Murray, Santino Move to Prevent Future Carbon Monoxide Tragedies: Supervisor Proposes Town Law to Require CO Detectors in Places of Public Assembly

Hempstead Town Supervisor Kate Murray, Senior Councilman Anthony Santino, the Hempstead Town Board, Receiver of Taxes Don Clavin and Town Clerk Nasrin Ahmad are taking action to prevent future carbon monoxide tragedies. In response to a recent death involving carbon monoxide poisoning, Murray and Santino, along with members of the town board, are proposing a local town law that will require restaurants, bars, nightclubs, bowling alleys, gyms, churches, movie theaters, catering facilities and other places of public assembly to install carbon monoxide detectors to ensure the safety of the public.

“Carbon monoxide has been called the ‘silent killer’ because it is odorless, you can’t see it and it has no taste,” stated Murray. “However, Hempstead Town won’t be silent when it comes to the ‘silent killer.’ I am calling for a law that will result in a simple, cost-effective solution to carbon monoxide poisoning.”

Carbon monoxide is an odorless gas, and is produced by automobiles, stoves, burning wood or charcoal and heating systems. People who are exposed to a small amount of carbon monoxide for a short period of time can experience headaches, nausea, dizziness, chest pain, loss of consciousness and even death.

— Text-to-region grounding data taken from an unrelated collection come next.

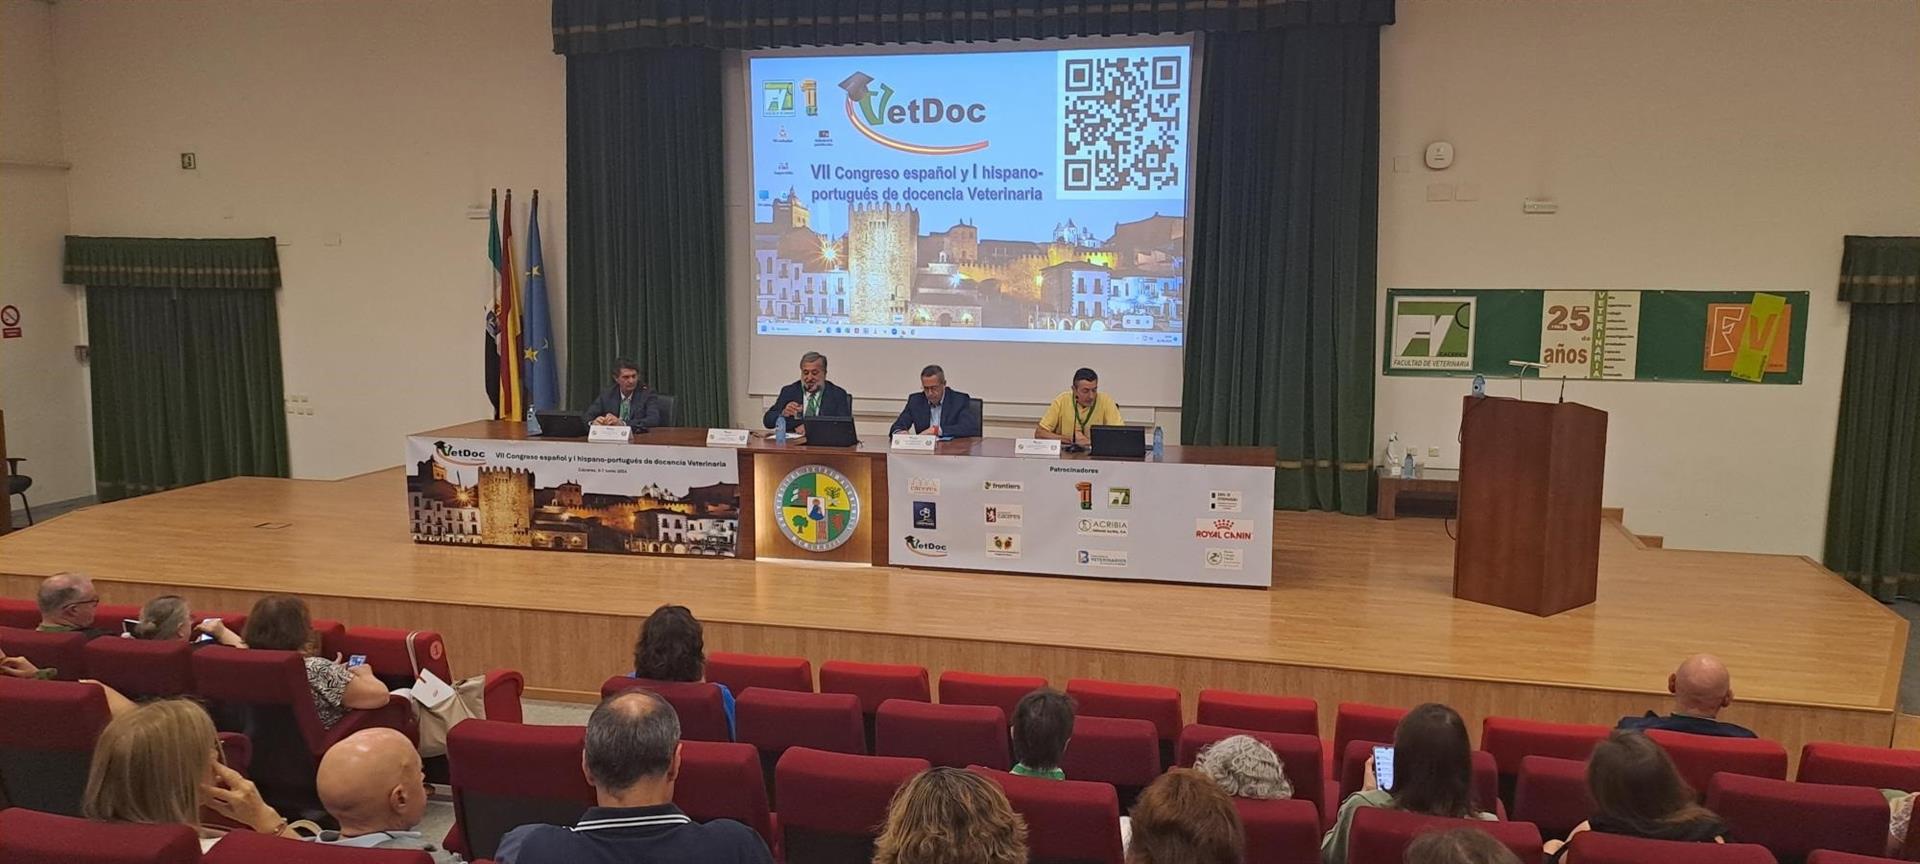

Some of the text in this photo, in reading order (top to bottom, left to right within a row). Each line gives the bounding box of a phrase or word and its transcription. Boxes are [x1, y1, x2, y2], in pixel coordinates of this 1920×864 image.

[859, 83, 986, 125] VetDoc
[811, 164, 830, 180] VII
[835, 166, 899, 183] Congreso
[903, 166, 956, 183] español
[960, 169, 968, 183] y
[982, 166, 1044, 182] hispano-
[812, 187, 1042, 203] portugués de docencia Veterinaria
[1547, 304, 1590, 331] 25
[1544, 343, 1588, 364] años
[442, 444, 486, 457] VetDoc
[506, 453, 538, 461] Congreso
[539, 454, 567, 462] español
[1049, 466, 1099, 474] Patrocinadores
[992, 481, 1021, 490] frontiers
[1092, 520, 1127, 529] ACRIBIA
[1196, 530, 1251, 539] ROYAL CANIN
[912, 539, 947, 550] VetDoc
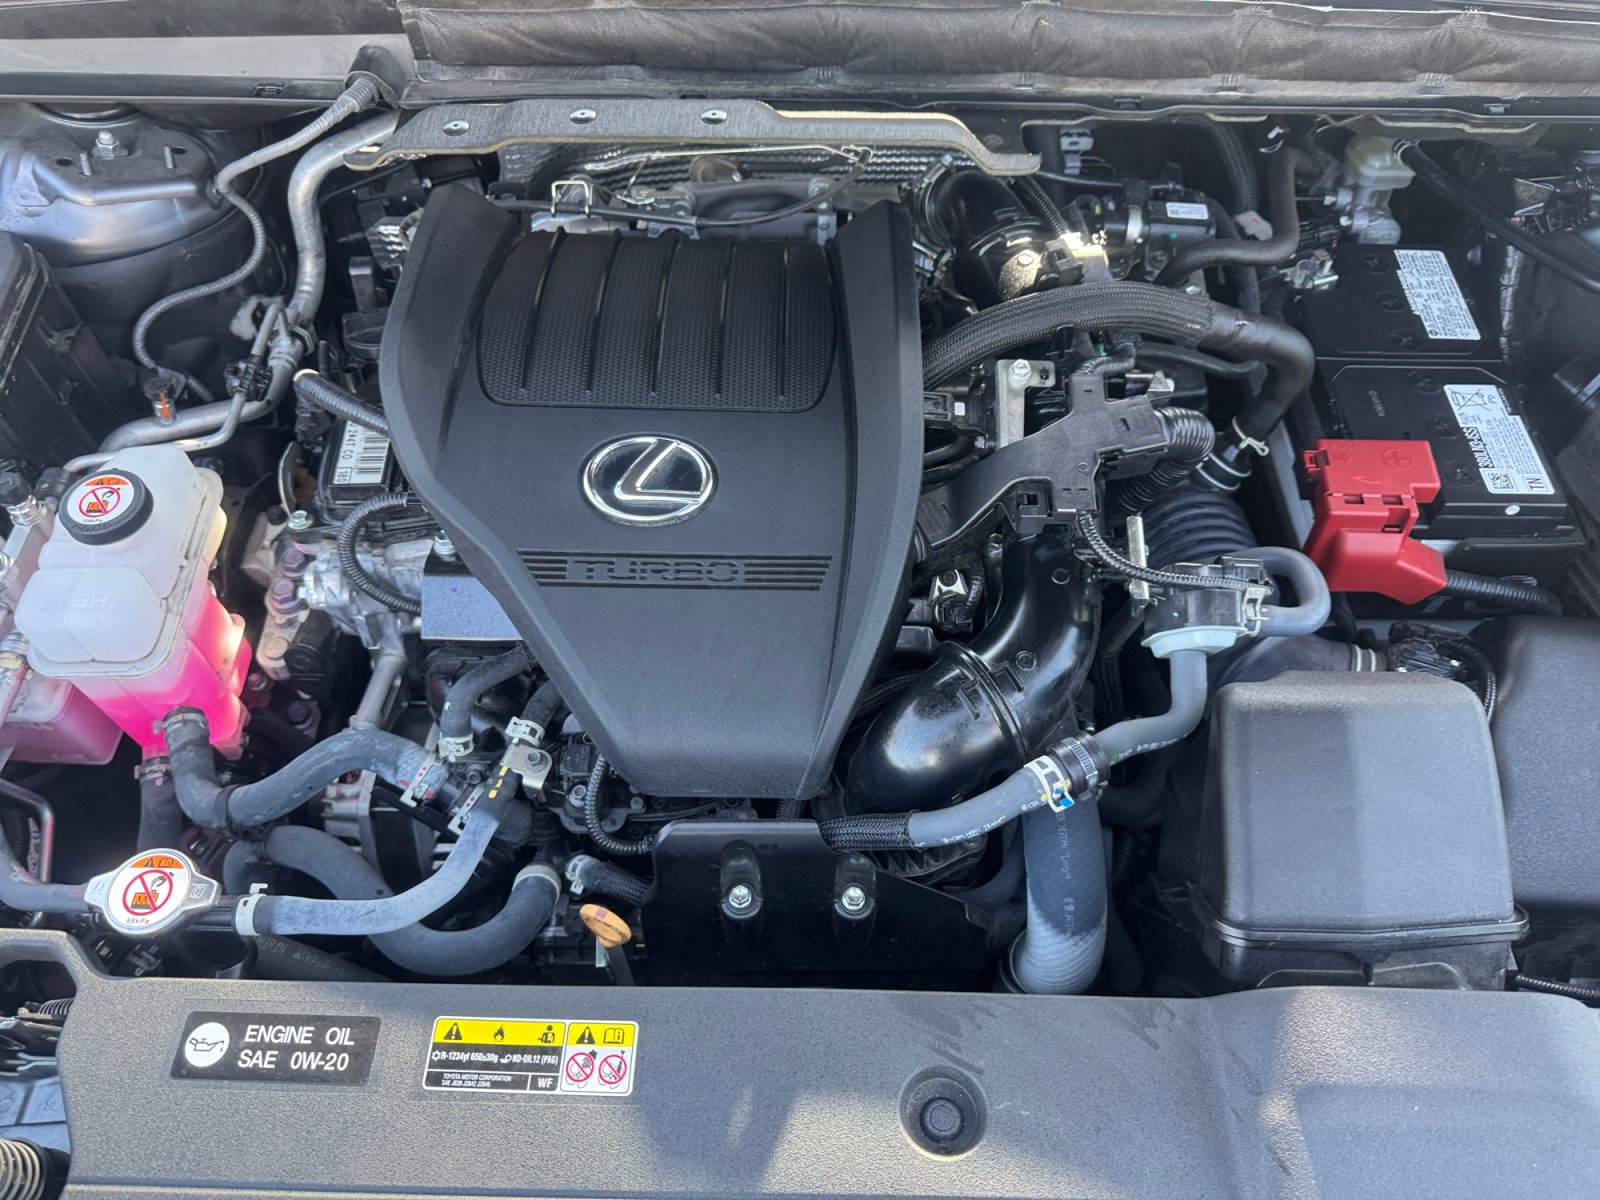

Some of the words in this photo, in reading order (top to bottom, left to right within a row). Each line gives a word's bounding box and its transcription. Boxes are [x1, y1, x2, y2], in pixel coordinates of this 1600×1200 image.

According the Centers for Disease Control (CDC), over 400 Americans die from carbon monoxide poisoning per year, and more than 20,000 people are taken to the emergency room as a result of carbon monoxide poisoning.

“We’re taking action to ensure that carbon monoxide poisoning does not occur in restaurants and other places where people gather,” said Santino. “Our law could spell the difference between life and death.”

Currently, the New York State fire code only requires carbon monoxide detectors in residential homes, but not in commercial structures. Hempstead Town has jurisdiction over places of public assembly (restaurants, bars, nightclubs, movie theaters, bowling alleys, gyms, catering halls, etc.). Accordingly, Murray and Santino will call for a hearing to amend the Town Code, Chapter 96 (Places of Public Assembly, Licensing) at the March 11th Town Board meeting. A hearing will then be held on March 25th at 10:30 a.m. at Hempstead Town Hall.

The amendment will require all new places of public assembly to have carbon monoxide detectors hard-wired, and existing businesses to have standard detectors that plug into electrical outlets. The amendment will require detectors on any floor where carbon monoxide-producing devices exist (furnaces, hot water heaters, stoves, etc.) and also one floor above those devices.

“I think that legislation like this is thoughtful and can save lives,” said Clavin. “At the same time, it does not place a significant financial burden on businesses.”

While the town has jurisdiction over places of public assembly and the state has regulations covering homes, there are no regulations affecting commercial buildings such as office buildings, factories, shopping stores, etc. Murray has said that she and Santino will call upon the State Legislature to address those facilities through the state’s fire code.

The officials also noted that carbon monoxide detectors are inexpensive and can cost as little as $20. Murray and Clavin stated that there should be no reason not to install carbon monoxide detectors.

“Carbon monoxide is commonly referred to as the ‘silent killer’ because the gas cannot be seen or smelled,” concluded Supervisor Murray. “However, knowledge is power. Carbon monoxide detectors alert residents and businesses that people are in danger of exposure. I am proud to be sponsoring legislation that could help prevent another carbon monoxide tragedy from occurring.”